Les deux études qui suivent sont consacrées aux relations de Herbert avec les deux personnages qui ont le plus compté pour lui: Thomas Becket et Pierre Lombard. Anne J. Duggan, qui a édité la correspondance du premier, examine les rôles d’ambassadeur, de conseiller, d’érudit, de secrétaire et de confident loyal qu’exerça Herbert de Bosham auprès de l’archevêque de Cantorbéry, en compagnie de Jean de Salisbury (p. 29–54). Matthew Doyle, auteur d’un livre sur »Pierre Lombard et ses étudiants«, s’intéresse aux aspects de l’œuvre de Herbert qui marquent sa dépendance envers le Maître des Sentences, dont il a suivi les cours à Paris des années 1140 jusqu’au milieu des années 1150: cet enseignement transparaît dans les écrits de Herbert, et surtout dans son choix d’éditer dans quatre volumes, dont on reparle ci-dessous, le commentaire de Pierre sur les Psaumes et les épîtres de Paul (p. 55–63).
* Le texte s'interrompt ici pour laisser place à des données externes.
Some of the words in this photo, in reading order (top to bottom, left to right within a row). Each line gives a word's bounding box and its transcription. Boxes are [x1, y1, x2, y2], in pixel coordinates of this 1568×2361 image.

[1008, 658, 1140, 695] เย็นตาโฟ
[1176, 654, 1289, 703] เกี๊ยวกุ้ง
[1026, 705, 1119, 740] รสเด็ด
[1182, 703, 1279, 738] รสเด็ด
Laura Cleaver, historienne d’art, s’intéresse à ces quatre manuscrits minutieusement glosés, abondamment corrigés et splendidement enluminés: Herbert de Bosham en a suivi de près la production, souhaitant les dédier à Thomas Becket, et même si l’assassinat de ce dernier l’a conduit ensuite à choisir un autre dédicataire, les choix iconographiques se ressentent de cette destination première (p. 66–86).
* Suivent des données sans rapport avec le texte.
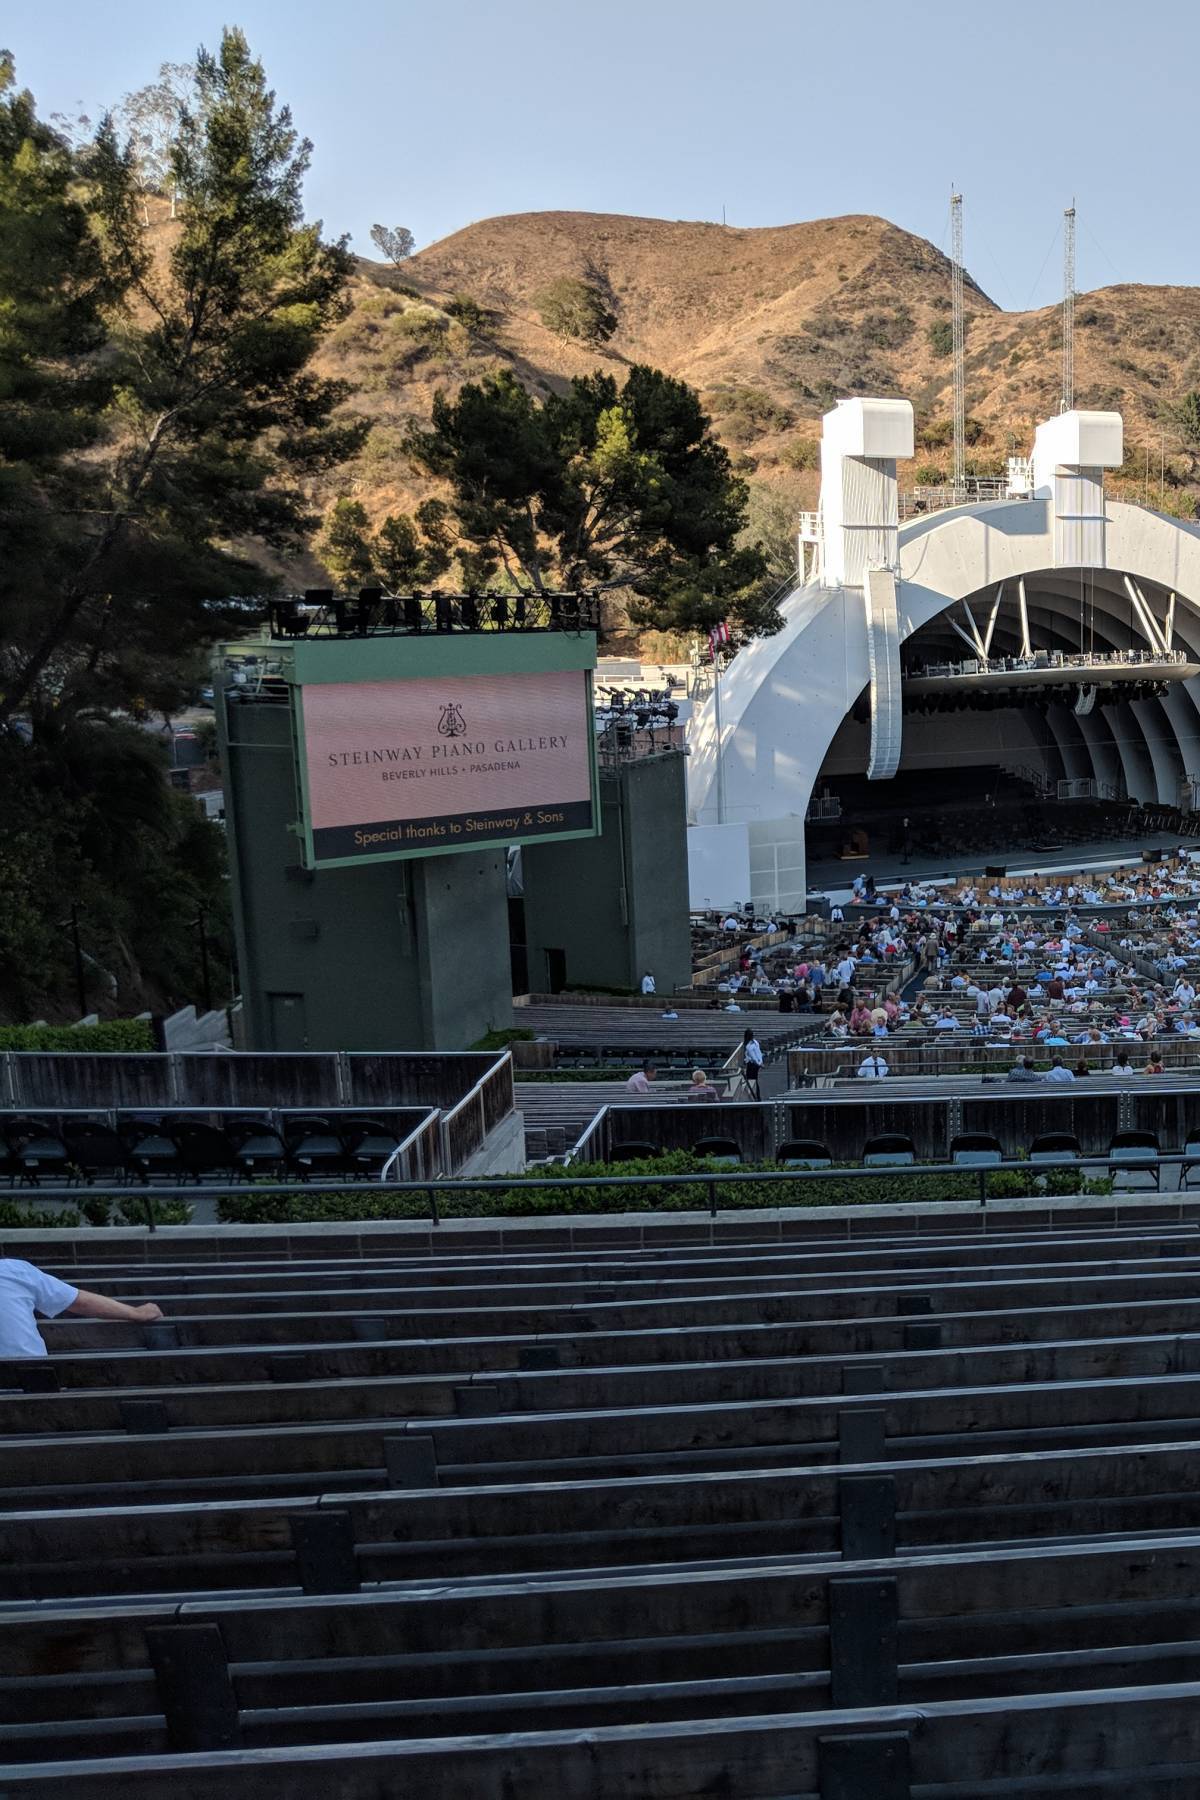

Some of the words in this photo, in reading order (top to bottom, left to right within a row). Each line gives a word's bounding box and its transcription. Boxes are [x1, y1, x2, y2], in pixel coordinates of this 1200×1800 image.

Julie Barrau, spécialiste des collections de lettres à l’époque de Thomas Becket, étudie celle constituée par Herbert lui-même: leur ton passionné, vindicatif même, et leur érudition, en particulier l’usage de la typologie biblique pour rattacher à l’histoire sainte les événements du présent, servent les buts et reflètent la personnalité d’un savant et activiste entièrement dévoué à la personne de Thomas Becket (p. 87–103). Michael Staunton, spécialiste de l’historiographie et de l’hagiographie médiévale, étudie la vie de Thomas Becket par Herbert, vie que ce dernier nomme lui-même »Historia«, pour y étudier les thèmes du temps et du changement et montrer comment, aux yeux de Herbert, toutes les ruptures et transformations, dans la vie de Thomas, convergent vers sa fin glorieuse (p. 104–126).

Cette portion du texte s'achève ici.